Lake Minnewaska

2024

A narrative fishing game where players can explore the secrets of Lake Minnewaska while guiding Sosa on his journey to become a better father. Completed as a capstone project for USC Games Project 2023-2024 academic school year and officially shipped to Steam on June 1, 2024.

Our Goal

“Lake Minnewaska” is an exploration of grief and the various ways to portray them through narrative, environment, and gameplay.

Highlights

A simple rundown of what I worked on in this project.

Role: Technical Designer

Engine: Unity

Team Size: 35

Timeframe: 1 Year

  • Collaborated with art and engineering teams to reach design goals while managing and assiting fellow designer.

  • Designed and polished game systems, including journal, fishing, and map.

  • Collaborated with narrative designers to rewrite script and finalize narrative flow while making sure it connected to game mechanics and environment.

  • Refined the boat’s layout and lake zones’ level design to reinforce gameplay and narrative through the environment.

  • Prototyped various mechanics in Unity (C#) and iterated on them based on feedback.

Trailer

Challenges

Reeling in the Narrative

One of our first challenges was connecting our core fishing mechanic directly to the narrative. So, we broke down it down into some core questions that needed answers. Why should players fish in the first place? How does catching a fish advance the story? What makes this action meaningful to the narrative?

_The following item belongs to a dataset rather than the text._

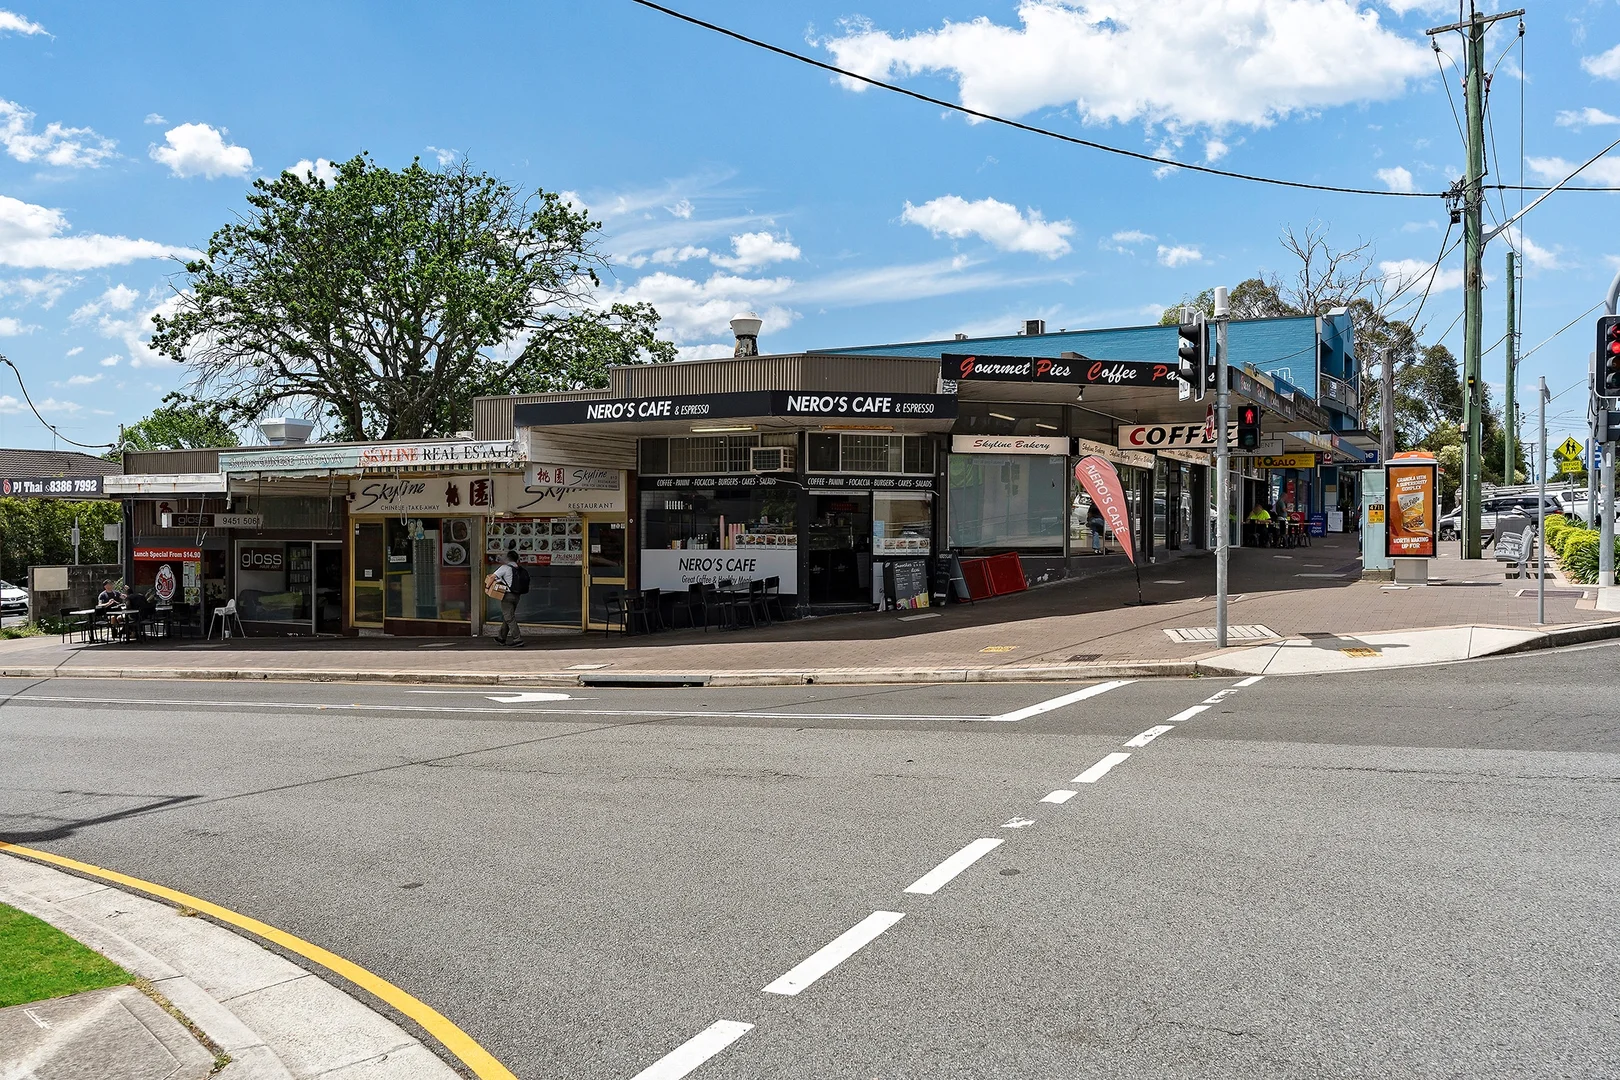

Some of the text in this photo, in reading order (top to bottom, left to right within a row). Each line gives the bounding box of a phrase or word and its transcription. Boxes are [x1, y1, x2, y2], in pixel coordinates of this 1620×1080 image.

At first, we explored ways for the fishing mechanic itself to carry some narrative weight. For example, overfishing could tie into an environmental message, but our story focused on something more personal: a father navigating through his grief. We needed something that felt more intimate and could connect our characters directly to the game progression. How could fishing serve as a meaningful bridge between our gameplay and narrative?

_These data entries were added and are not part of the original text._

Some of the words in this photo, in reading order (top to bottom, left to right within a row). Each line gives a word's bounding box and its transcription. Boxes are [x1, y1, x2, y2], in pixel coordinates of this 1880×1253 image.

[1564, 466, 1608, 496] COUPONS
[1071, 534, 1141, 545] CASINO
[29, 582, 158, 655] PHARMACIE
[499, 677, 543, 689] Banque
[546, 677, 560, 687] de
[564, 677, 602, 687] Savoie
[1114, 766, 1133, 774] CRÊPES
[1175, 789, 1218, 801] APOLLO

After many discussions, we took another step back. Why fishing? That’s when we were able to connect the main mechanic with Rue and Sosa. It became a family tradition and pastime shared between father and daughter. That was our core.

Now we could focus as to why Sosa was fishing now? With our core being grief, it was natural to connect Sosa’s actions to his past with Rue. By fishing, he could relive his memories with his daughter one last time.

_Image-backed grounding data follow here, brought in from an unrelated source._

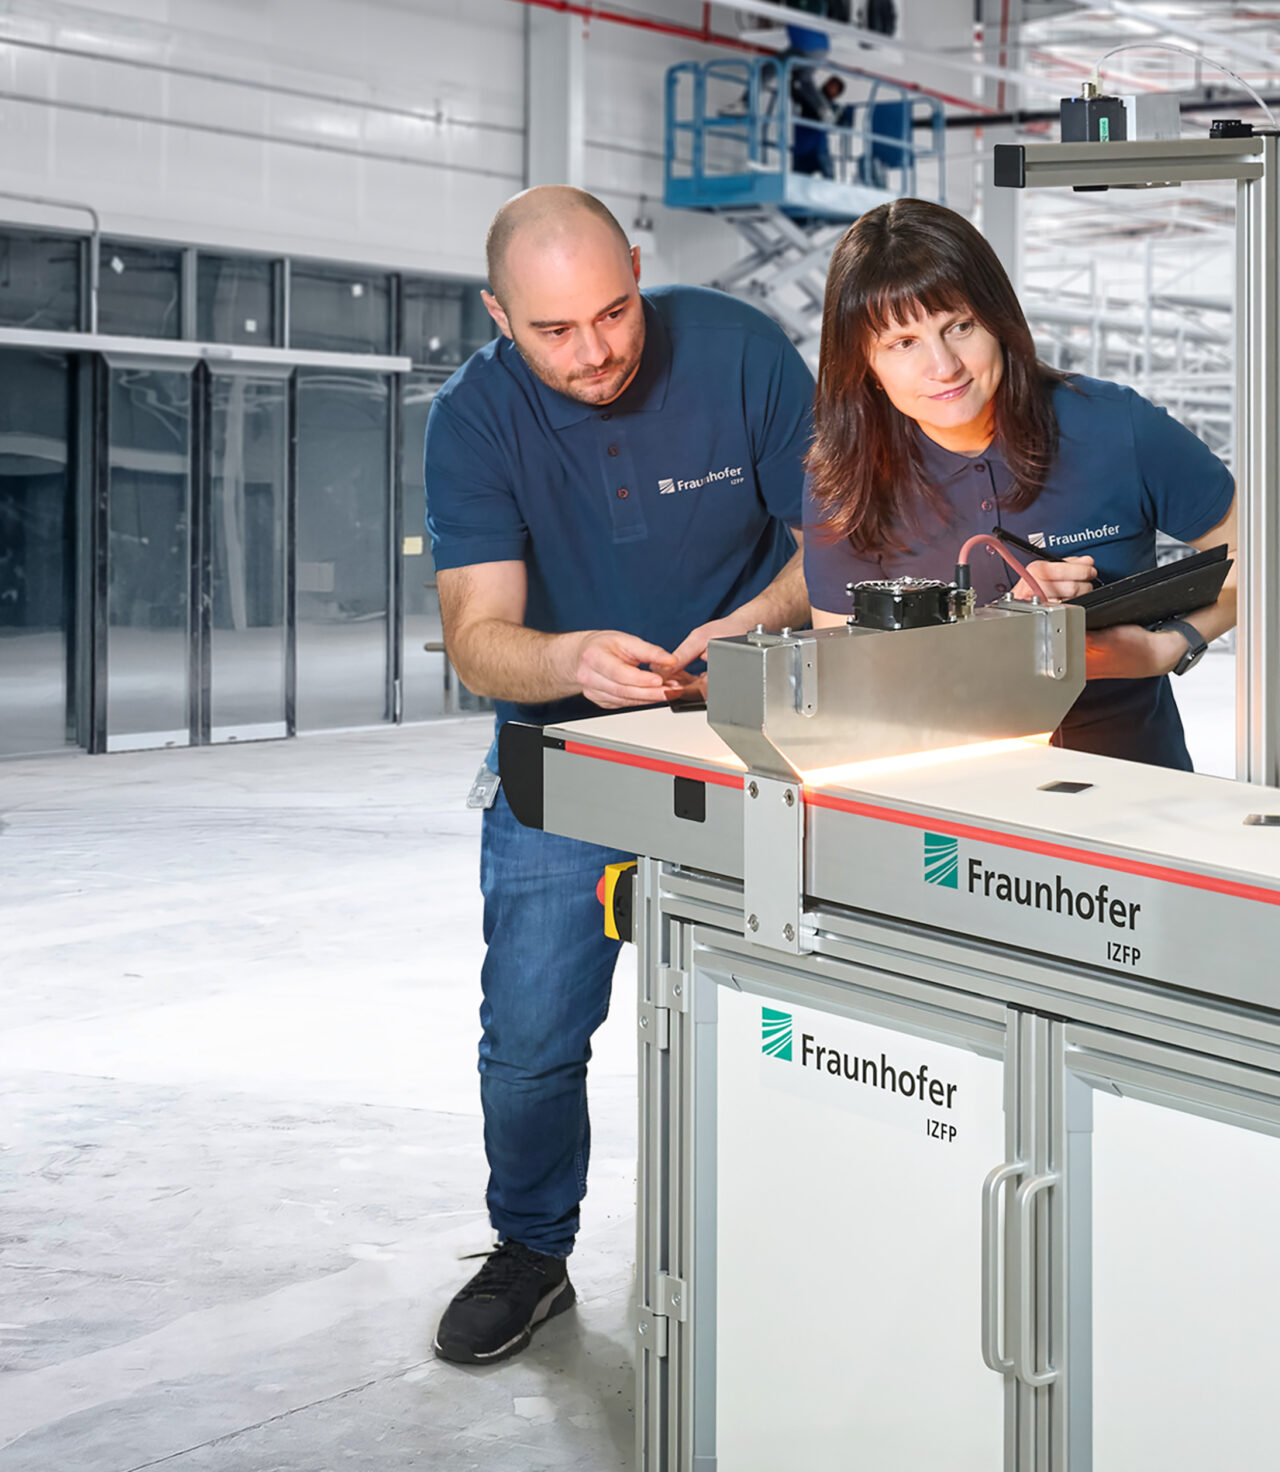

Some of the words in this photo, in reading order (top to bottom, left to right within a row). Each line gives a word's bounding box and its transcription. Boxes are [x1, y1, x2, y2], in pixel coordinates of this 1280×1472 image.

[1048, 524, 1120, 547] Fraunhofer
[968, 858, 1141, 930] Fraunhofer
[1107, 941, 1141, 966] IZFP
[802, 1033, 957, 1109] Fraunhofer
[926, 1118, 957, 1143] IZFP

This emotional base was the connection between our mechanics and story. However, our next challenge quickly became how to slowly reveal the narrative as the player progressed.

Catching Stories, One Entry at a Time

If Sosa is reflecting on memories with his daughter, how do we communicate this to players in a way that sticks and feels natural? Dialogue alone was not enough since spoken lines were too easy to forget. We needed something persistent that players could return to. That’s where the journal came in.

Instead of a simple progress tracker, the journal became a space for lore. Each fish had its own narrative entry that unlocked once caught. This also gave Sosa a moment to comment on the revealed entries which reinforced key narrative beats.

The journal also became a place to foreshadow the narrative reveal of Rue’s death. Sosa is completing Rue’s journal. At first, it might seem strange to the player that he is working through this in place of his daughter, but that curiosity is what strengthens the reveal later on.

With this, the journal was a quest tracker that not only revealed new memories but was part of the narrative itself. It gave players something to engage with beyond the act of fishing while presenting the story in multiple ways to ensure it stuck.

Important Takeaways

Define Your Game and Audience

A clear game vision is everything. Every mechanic should align with your core message. If not, you risk unclear design choices and distracting from the intended experience. Also, knowing your audience is essential. Who are you designing for? How will they engage with your game? If your choices don’t serve your intended players, the project can very quickly lose focus and become overly ambitious.

Don’t Be Afraid to Cut or Pivot

Throughout development, we explored a huge variety of gameplay ideas and systems. We brainstormed and prototyped many mechanics before reaching our final choice. As time went on, we had to step back and begin to cut anything that didn’t align with our goals or fit into our existing systems. We learned quickly that being decisive about when to cut or pivot is vital when dealing with tight deadlines.

Communication is Everything

Keeping an up-to-date design document is critical, especially early-on. That way everyone can stay aligned despite rapid changes. As the head designer, constant communication across disciplines became even more important as we approached our deadline. Regular check-ins, answering questions, and making sure everyone was on the same page helped the team work efficiently and avoid last-minute surprises.

Understand Your Infrastructure

When making changes late in production, it’s important to understand exactly what your existing systems can handle. Designing something that requires major engineering work only a couple months before launch isn’t realistic. Instead, being creative within the constraints of your systems and finding manageable solutions that limit work while fixing issues need to be the focus.